New Conceptual Framework – Who will it apply to and when?
In May 2019, the Australian Accounting Standards Board (AASB) issued Conceptual Framework for Financial Reporting (the new Conceptual Framework).
When is it effective?
The new Conceptual Framework applies to periods beginning on or after 1 January 2020.
How will the new Conceptual Framework impact financial statements in future?
Australian Accounting Standards and Interpretations govern the accounting for many types of transactions and balances. Where there are ‘gaps’, AASB 108 Accounting Policies, Changes in Accounting Estimates and Errors, paragraph 10 requires management to apply judgement in developing an appropriate accounting policy. In making this judgement, where Australian Accounting Standards do not deal with similar and related issues, paragraph 11(b) requires management to then refer to the definitions, recognition criteria and measurement concepts for assets, liabilities, income and expenses laid out in the new Conceptual Framework.
As the new Conceptual Framework is different to its predecessor, entities looking to the new Conceptual Framework to develop accounting policies under AASB 108, paragraph 11(b) will need to take note of the:
- Updated definitions of an ‘asset’ and ‘liability’
- Updated recognition criteria for including assets and liabilities in financial statements
- New concepts on measurement, including factors to consider when selecting a measurement basis (e.g. cost vs fair value)
- New concepts on presentation and disclosure, including classifying items as income vs other comprehensive income, and
- New guidance on derecognition of assets and liabilities.

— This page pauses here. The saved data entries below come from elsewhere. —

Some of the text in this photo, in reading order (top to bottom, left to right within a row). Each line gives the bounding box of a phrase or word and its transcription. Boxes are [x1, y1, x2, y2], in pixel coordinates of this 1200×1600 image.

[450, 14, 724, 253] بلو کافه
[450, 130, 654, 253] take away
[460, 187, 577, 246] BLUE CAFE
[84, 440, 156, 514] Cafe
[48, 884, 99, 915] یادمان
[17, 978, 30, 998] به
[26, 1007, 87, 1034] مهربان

Changes relating to ‘reporting entities’
The new Conceptual Framework applies to ‘reporting entities’, which paragraph 3.10 describes as effectively being all entities that are required, or choose, to prepare financial statements.
A reporting entity is an entity that is required, or chooses, to prepare financial statements. A reporting entity can be a single entity or a portion of an entity or can comprise more than one entity. A reporting entity is not necessarily a legal entity.

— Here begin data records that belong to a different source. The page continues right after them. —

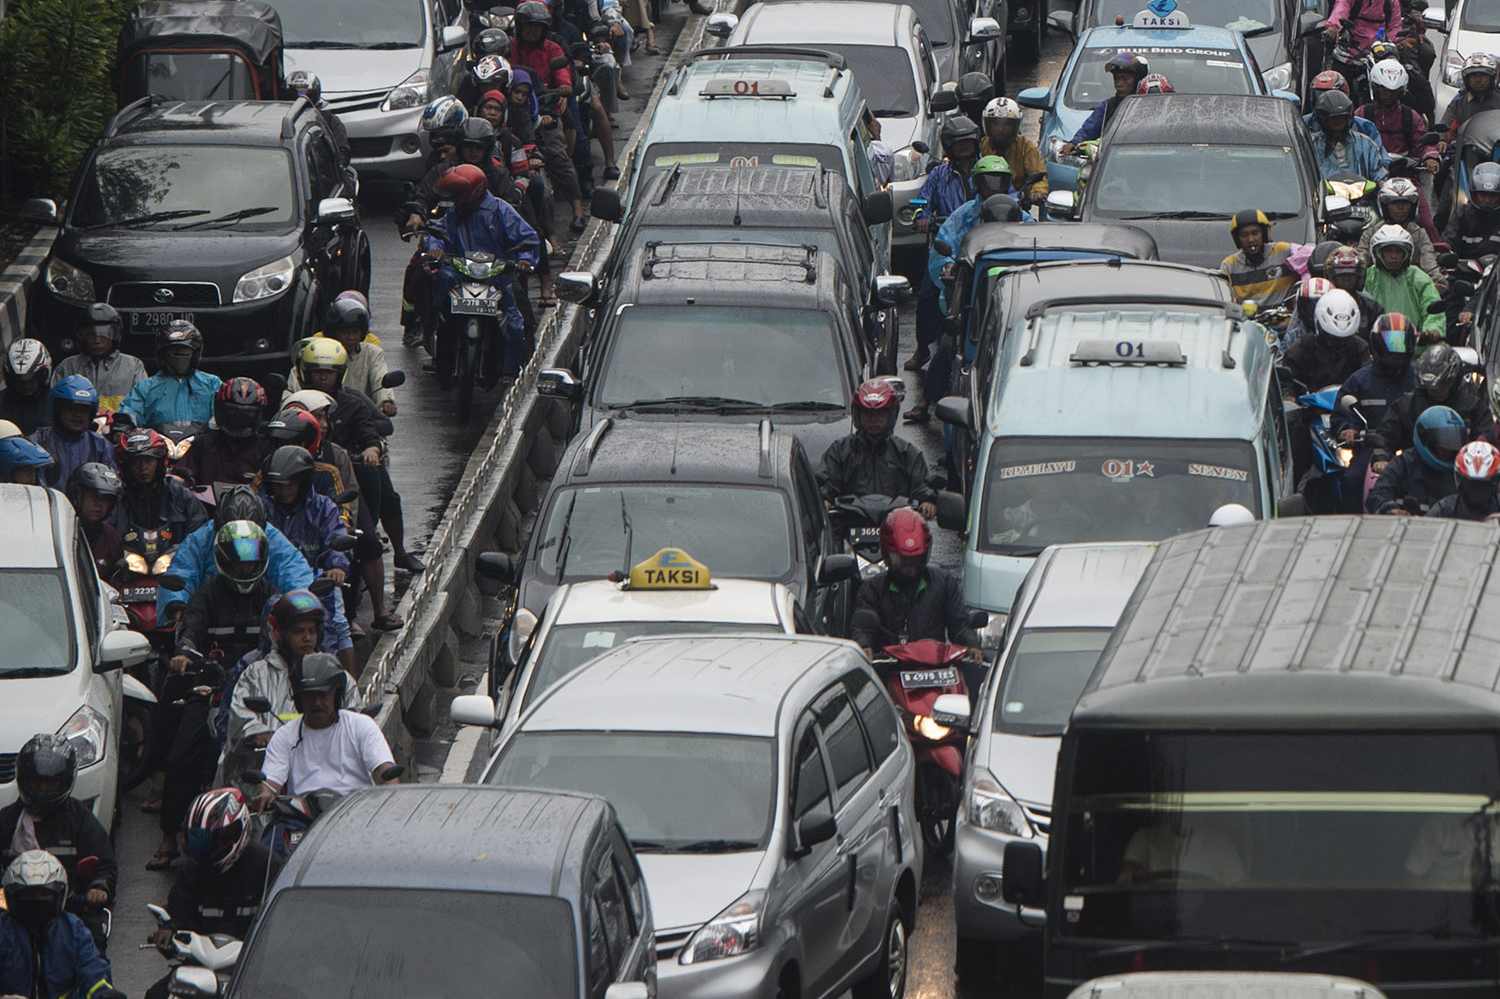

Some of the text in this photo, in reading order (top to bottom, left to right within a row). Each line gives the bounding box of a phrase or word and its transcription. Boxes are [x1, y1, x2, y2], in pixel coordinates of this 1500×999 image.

[1142, 17, 1181, 26] TAKSI
[1150, 46, 1183, 54] BIRD
[1185, 47, 1230, 58] GROUP
[734, 80, 760, 95] 01
[132, 313, 139, 326] B
[145, 313, 173, 326] 2980
[1115, 341, 1145, 358] 01
[1102, 459, 1134, 477] 01
[1188, 463, 1248, 481] SENEN
[644, 570, 700, 584] TAKSI

Conceptual Framework for Financial Reporting, paragraph 3.10
This is different to the concept of a ‘reporting entity’ in SAC 1 Definition of a Reporting Entity, which currently permits the preparation of special purpose financial statements if users are not dependent on general purpose financial statements for information to make and evaluate resource allocation decisions.
Who will it apply to?
Without any Australian-specific amendment, all entities that are required, or choose to prepare, financial statements in Australia would be required to apply the new Conceptual Framework because they would be considered ‘reporting entities’.

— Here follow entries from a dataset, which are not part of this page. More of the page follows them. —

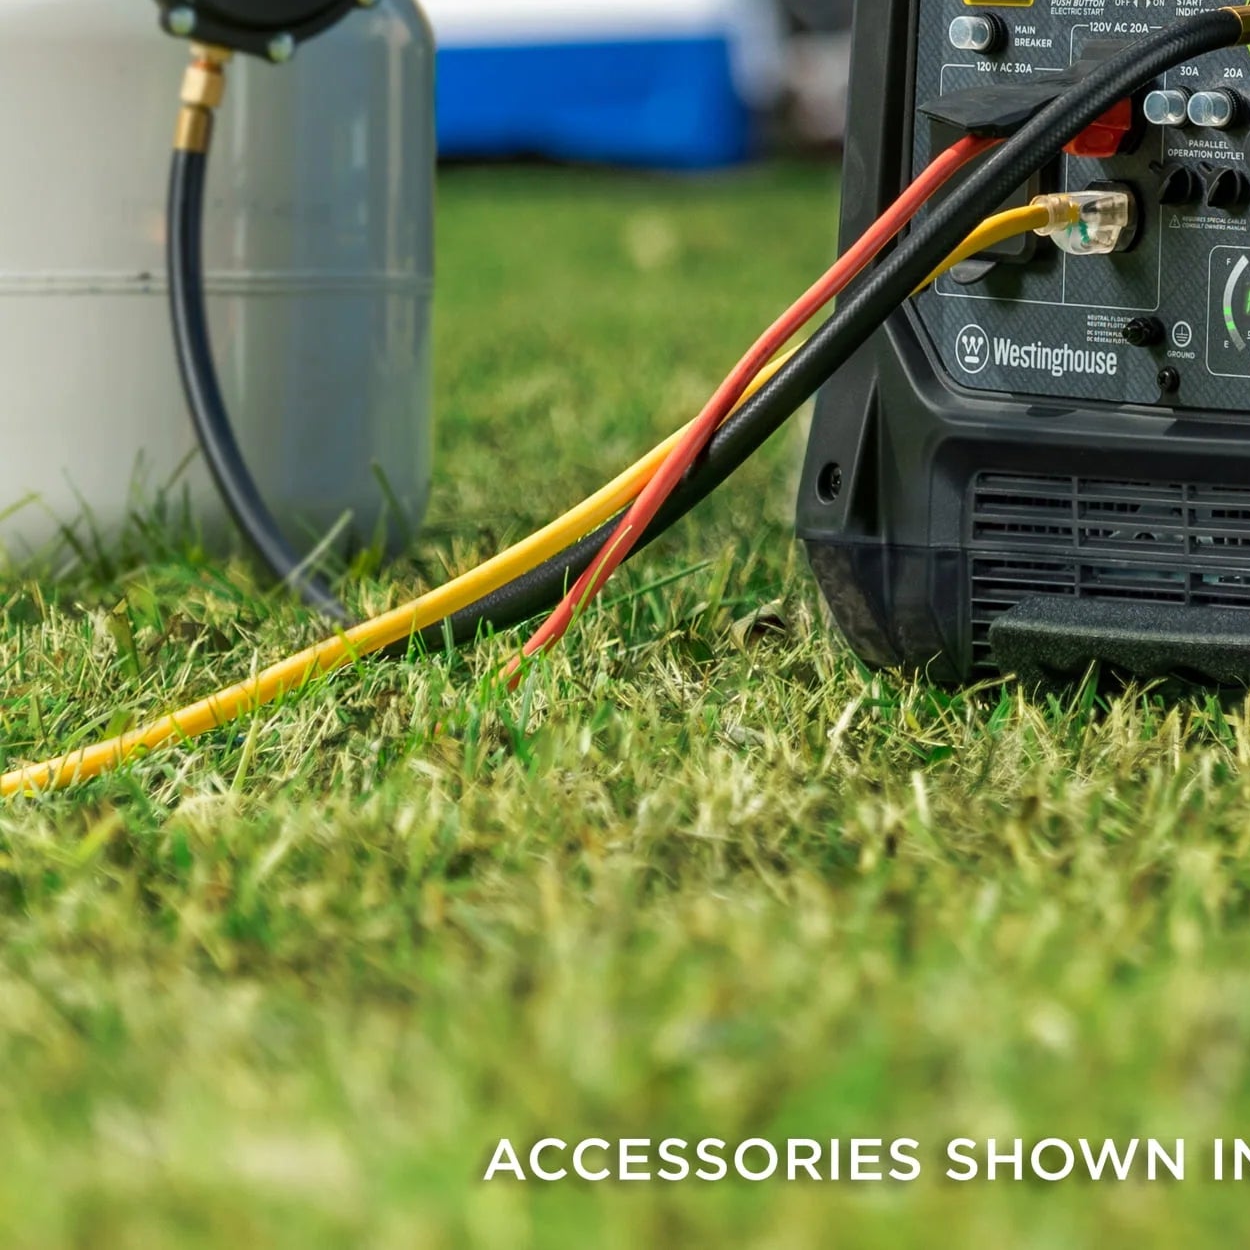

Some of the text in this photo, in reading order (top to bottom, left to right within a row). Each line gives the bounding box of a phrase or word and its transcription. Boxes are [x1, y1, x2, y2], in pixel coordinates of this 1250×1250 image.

[1050, 7, 1105, 16] ELECTRIC START
[1014, 25, 1036, 35] MAIN
[1089, 22, 1149, 34] 120V AC 20A
[1014, 37, 1052, 48] BREAKER
[977, 61, 1033, 74] 120V AC 30A
[1180, 66, 1200, 77] 30A
[1223, 67, 1244, 78] 20A
[1188, 139, 1229, 149] PARALLEL
[1168, 148, 1245, 160] OPERATION OUTLET
[1226, 258, 1232, 266] F
[1223, 340, 1230, 349] E
[993, 336, 1118, 377] Westinghouse
[1167, 350, 1196, 360] GROUND

This means that special purpose financial statements would no longer be permitted for entities:
- Required to prepare financial statements applying Australian Accounting Standards (for example, as required by Part 2M of the Corporations Act 2001 or a trust deed/agreement), and
- That voluntarily prepare financial statements applying Australian Accounting Standards.
As part of its phased approach in scrapping special purpose financial statements, the AASB has therefore limited application of the new Conceptual Framework to only the following types of for-profit entities:
- Private sector entities that have public accountability and are required by legislation to comply with Australian Accounting Standards, and
- Other entities that voluntarily elect to apply the new Conceptual Framework.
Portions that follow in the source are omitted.